No they dont stomp the livig hell out of naruto/sasuke,, the duo who has the power of the sage,,  either naruto/sasuke can fight if not then beat juubito, and can most likely fight/beat one rinnegan juudara,, 
if you have a problem with kishis inconsistency  then dont read  the manga


Shinobi no Kami said:


> 8 gated gai managed to beat up juubi jin madara pretty badly and said that fighting gai made him as excited as the time when he fought hashirama.
> 
> after gai activated his final technique, madara stated that gai was the best that he fought,* as far as taijutsu goes
> that means he has fought opponents above the level of 8 gated gai and that opponent is hashirama.*
> hashirama and madaras power level arent lacking.


@Bold - where diid u get the assumption that 8th gate guy = Hashirama  in taijutsu, 
hashirama is not above 8th gate guy,, the samme guy who ragdolled JJ madara, 



Shinobi no Kami said:


> naruto and sasuke dont come close to stomping hashirama and madara. that is merely a fanboys dream.
> 
> naruto is equal to sasuke, who like madara, has a perfect susano as his full power.

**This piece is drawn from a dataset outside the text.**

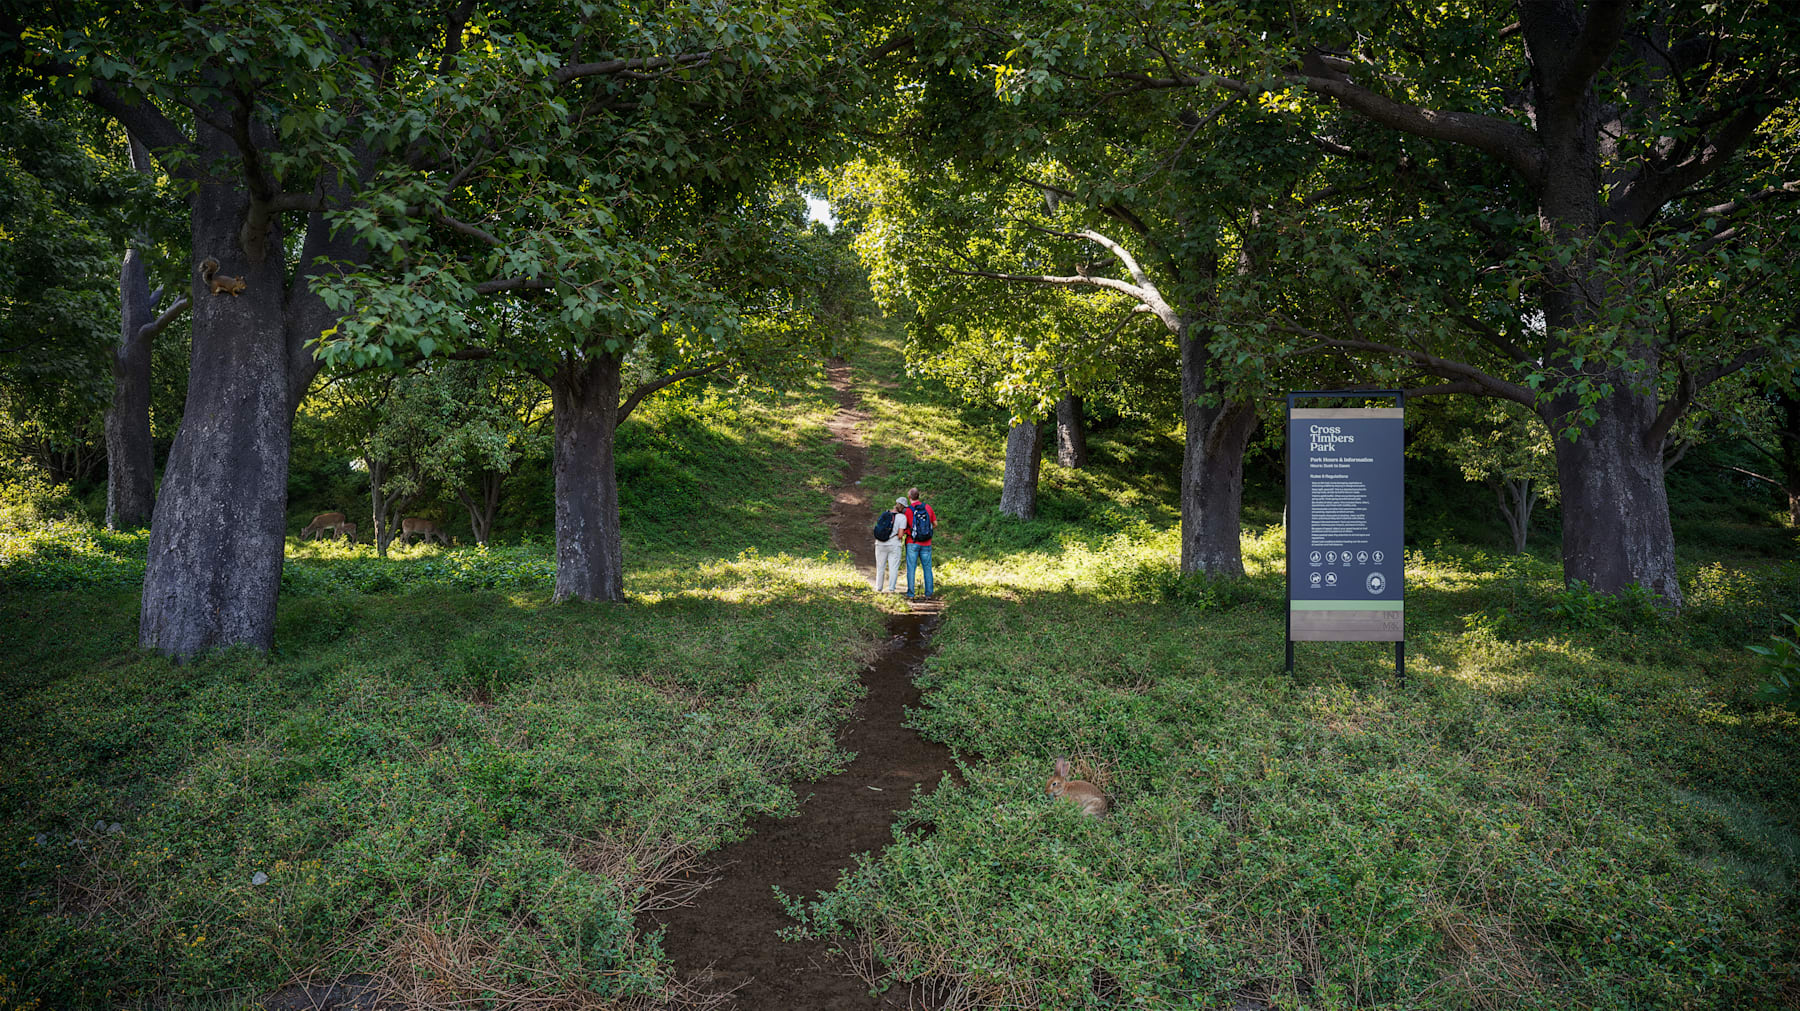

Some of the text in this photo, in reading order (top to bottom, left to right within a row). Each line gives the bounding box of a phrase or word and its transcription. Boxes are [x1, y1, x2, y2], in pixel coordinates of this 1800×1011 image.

[1310, 424, 1341, 434] Cross
[1310, 433, 1354, 443] Timbers
[1310, 442, 1336, 451] Park

Naruto and sasuke have the power of hagoromo,,,,,, and are currently fighting the strongest character in the manga
that alone should be enough for you,, to understand that EMS Madara & Hashiramma are nothing compared to that power


Shinobi no Kami said:


> hashirama and madara shouldnt be underrated to the extent that they are. the bulk of naruto and sasukes power still comes from the fact that they are asura and indra reincarnations.
> 
> sasukes full power doesnt come from hagoromos power. it is his perfect susano.
> 
> ...


They are not underrated when they are simply outclassed by naruto/sasuke
naruto and sasuke received powers directly from hagoromo,,, 
it wasnnt  jus because  they were indra/ashura  reincarnations
--PS most likely isnt sasukes full power,,, i dont know where u came into that assumption
he hasnt even shown his rinnegans full potential yet
--Naruto chopped the god tree (which is one of the  most durable things in the manga) with only 1 YRS,, his TBBRS would nuke the duo off the planet


Shinobi no Kami said:


> madaras susano has the feats of cutting a mountain range that covers a lot more area than the shinju, with a *single swipe* of its blade.
> 
> *Spoiler*: __


Yet the entire onslaught of madara and hashirama where PS was used didnt even result in the god tree being remotely harmed,,, 
--narutos YRS choopped the entire tree completely


Shinobi no Kami said:


> *hashiramas shinsuusenju has 1000 hands that are each the size of a mountain. thats 1000 mountain busters, just for clarification.*
> 
> 
> that overpowers perfect susano with the kyuubi.
> ...


@Bold - what
hashirammas SS still doesnt  stand a chance against TBBRS and YRS,,  
and no way near has it shown the ability to bust 1000 mountains in one blow that is pure nonsense,, its DC is still not enough compared to naruto/sasuke,,,,

PS+Kyuubi is nothing  in front of the man with ALL bijuu and a portion of Hagoromos powers, 

naruto and sasuke do stomp,, you are being close-minded and butthurt


----------



## Ersa (Jun 27, 2014)

People need to seriously see how big those meteors were.

Like the Buddha is tiny compared to them.


----------



## ARGUS (Jun 27, 2014)

Ersatz said:


> People need to seriously see how big those meteors were.
> 
> Like the Buddha is tiny compared to them.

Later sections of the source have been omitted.